--- Records from a data collection ---
:::::

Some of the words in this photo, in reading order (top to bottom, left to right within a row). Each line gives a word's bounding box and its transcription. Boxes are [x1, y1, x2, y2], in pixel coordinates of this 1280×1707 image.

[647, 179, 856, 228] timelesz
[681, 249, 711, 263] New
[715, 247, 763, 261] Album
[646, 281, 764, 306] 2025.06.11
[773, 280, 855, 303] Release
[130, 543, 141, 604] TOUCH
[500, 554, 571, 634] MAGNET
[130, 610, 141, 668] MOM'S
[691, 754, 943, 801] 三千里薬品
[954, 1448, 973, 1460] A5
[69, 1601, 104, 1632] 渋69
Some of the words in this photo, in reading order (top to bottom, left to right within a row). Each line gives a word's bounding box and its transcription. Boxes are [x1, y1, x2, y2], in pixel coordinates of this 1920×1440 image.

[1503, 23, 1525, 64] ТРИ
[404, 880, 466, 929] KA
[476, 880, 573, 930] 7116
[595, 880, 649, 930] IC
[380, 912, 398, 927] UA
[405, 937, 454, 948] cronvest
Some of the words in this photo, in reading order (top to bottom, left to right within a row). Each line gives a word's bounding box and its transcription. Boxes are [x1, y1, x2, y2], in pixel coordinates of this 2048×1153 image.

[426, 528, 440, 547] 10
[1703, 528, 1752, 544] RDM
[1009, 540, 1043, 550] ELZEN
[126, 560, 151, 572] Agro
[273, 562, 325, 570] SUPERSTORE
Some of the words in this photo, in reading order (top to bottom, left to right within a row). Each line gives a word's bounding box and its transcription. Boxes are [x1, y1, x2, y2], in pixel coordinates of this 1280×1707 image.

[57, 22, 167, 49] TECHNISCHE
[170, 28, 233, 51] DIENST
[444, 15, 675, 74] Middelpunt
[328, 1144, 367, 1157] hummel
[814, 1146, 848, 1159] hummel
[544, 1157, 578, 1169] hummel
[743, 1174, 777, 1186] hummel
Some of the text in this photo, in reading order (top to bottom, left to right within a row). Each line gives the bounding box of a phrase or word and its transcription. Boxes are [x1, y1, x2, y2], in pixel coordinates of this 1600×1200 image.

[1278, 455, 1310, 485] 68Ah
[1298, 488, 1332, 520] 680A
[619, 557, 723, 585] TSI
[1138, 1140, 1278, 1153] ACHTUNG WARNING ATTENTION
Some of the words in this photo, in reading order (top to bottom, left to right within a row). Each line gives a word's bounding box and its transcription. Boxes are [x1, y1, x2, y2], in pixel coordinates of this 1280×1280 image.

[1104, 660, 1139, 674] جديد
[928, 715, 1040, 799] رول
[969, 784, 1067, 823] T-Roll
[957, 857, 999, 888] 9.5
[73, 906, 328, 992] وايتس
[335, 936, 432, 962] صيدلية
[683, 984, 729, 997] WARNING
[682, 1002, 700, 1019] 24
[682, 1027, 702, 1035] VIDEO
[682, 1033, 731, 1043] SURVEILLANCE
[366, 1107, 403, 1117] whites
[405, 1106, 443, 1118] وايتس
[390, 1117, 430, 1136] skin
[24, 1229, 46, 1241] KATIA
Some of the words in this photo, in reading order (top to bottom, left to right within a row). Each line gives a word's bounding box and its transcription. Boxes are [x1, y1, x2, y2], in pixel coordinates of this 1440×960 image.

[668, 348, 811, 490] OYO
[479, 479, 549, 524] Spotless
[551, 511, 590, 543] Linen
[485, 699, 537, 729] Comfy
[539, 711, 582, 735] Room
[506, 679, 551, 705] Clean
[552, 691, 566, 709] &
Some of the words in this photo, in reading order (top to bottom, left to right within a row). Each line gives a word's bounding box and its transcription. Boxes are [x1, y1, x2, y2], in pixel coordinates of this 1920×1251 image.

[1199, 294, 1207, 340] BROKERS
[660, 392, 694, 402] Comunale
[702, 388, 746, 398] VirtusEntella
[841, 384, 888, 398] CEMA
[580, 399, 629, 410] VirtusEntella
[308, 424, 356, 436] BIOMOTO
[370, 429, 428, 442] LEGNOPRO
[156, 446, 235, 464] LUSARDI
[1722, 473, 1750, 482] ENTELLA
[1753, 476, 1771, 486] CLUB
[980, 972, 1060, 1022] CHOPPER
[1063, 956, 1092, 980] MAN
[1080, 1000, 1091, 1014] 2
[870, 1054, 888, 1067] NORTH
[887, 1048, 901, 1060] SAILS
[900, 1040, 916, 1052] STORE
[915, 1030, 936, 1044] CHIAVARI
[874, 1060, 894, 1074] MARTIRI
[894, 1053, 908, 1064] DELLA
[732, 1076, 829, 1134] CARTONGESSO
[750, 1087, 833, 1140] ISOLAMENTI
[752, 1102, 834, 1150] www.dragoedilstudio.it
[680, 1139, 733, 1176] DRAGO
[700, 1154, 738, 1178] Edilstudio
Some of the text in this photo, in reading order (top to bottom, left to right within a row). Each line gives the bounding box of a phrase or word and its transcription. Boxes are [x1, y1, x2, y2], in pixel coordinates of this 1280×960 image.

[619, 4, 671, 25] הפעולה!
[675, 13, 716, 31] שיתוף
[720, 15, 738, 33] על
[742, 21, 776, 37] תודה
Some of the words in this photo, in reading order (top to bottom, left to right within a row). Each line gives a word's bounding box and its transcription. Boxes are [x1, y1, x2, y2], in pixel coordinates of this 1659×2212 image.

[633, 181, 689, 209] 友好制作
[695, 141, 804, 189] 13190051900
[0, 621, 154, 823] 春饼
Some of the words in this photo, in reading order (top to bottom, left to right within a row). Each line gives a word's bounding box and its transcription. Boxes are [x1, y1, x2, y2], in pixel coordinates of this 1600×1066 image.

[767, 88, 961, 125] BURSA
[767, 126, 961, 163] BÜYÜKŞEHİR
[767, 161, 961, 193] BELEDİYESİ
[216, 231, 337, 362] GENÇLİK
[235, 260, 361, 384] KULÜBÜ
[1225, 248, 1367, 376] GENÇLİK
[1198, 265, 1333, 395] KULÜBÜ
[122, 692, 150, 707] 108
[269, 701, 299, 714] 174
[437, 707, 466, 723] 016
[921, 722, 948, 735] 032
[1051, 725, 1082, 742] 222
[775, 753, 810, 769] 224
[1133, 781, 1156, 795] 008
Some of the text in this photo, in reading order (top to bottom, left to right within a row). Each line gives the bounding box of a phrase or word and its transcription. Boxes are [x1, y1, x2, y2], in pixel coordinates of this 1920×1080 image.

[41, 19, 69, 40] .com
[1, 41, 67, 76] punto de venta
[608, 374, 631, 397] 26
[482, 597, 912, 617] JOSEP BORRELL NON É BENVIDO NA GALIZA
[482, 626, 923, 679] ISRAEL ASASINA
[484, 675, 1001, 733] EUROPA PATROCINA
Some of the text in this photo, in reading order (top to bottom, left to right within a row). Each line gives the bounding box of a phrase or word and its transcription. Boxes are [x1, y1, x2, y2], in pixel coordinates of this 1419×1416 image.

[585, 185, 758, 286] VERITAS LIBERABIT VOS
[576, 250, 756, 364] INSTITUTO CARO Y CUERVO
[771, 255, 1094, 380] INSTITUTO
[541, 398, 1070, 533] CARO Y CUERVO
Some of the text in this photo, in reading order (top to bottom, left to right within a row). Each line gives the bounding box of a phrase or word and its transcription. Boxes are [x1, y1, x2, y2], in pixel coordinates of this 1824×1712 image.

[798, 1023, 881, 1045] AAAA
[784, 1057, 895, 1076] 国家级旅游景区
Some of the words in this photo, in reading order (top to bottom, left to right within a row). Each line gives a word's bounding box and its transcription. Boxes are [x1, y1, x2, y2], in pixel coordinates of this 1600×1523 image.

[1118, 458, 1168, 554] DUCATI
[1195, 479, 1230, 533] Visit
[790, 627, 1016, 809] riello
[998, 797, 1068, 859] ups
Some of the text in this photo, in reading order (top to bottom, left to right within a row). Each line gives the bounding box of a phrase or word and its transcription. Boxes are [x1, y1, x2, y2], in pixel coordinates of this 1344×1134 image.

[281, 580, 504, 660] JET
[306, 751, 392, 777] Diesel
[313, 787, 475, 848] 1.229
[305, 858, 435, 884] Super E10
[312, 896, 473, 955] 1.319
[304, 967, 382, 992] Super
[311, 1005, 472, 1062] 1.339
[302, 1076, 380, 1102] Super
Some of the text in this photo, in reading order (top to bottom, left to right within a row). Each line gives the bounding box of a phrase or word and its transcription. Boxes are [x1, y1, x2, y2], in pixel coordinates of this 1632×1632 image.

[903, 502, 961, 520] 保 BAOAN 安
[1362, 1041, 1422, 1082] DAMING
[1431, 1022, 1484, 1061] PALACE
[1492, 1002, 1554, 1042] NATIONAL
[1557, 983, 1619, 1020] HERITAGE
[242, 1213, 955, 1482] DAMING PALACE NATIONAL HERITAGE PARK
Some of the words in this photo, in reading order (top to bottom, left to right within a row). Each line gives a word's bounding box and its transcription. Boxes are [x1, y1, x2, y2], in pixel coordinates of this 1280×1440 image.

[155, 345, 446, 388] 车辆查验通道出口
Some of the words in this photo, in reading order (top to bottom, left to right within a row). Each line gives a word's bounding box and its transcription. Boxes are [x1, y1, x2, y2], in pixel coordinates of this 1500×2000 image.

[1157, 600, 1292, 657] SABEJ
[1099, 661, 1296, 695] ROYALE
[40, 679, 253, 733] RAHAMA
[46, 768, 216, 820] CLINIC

:::::

--- Required action ---
Whatever lies between the line containing "this 1500×2000 image." and the final line above, both included, must be returned exactly.

--- Task solution ---
Some of the words in this photo, in reading order (top to bottom, left to right within a row). Each line gives a word's bounding box and its transcription. Boxes are [x1, y1, x2, y2], in pixel coordinates of this 1500×2000 image.

[1157, 600, 1292, 657] SABEJ
[1099, 661, 1296, 695] ROYALE
[40, 679, 253, 733] RAHAMA
[46, 768, 216, 820] CLINIC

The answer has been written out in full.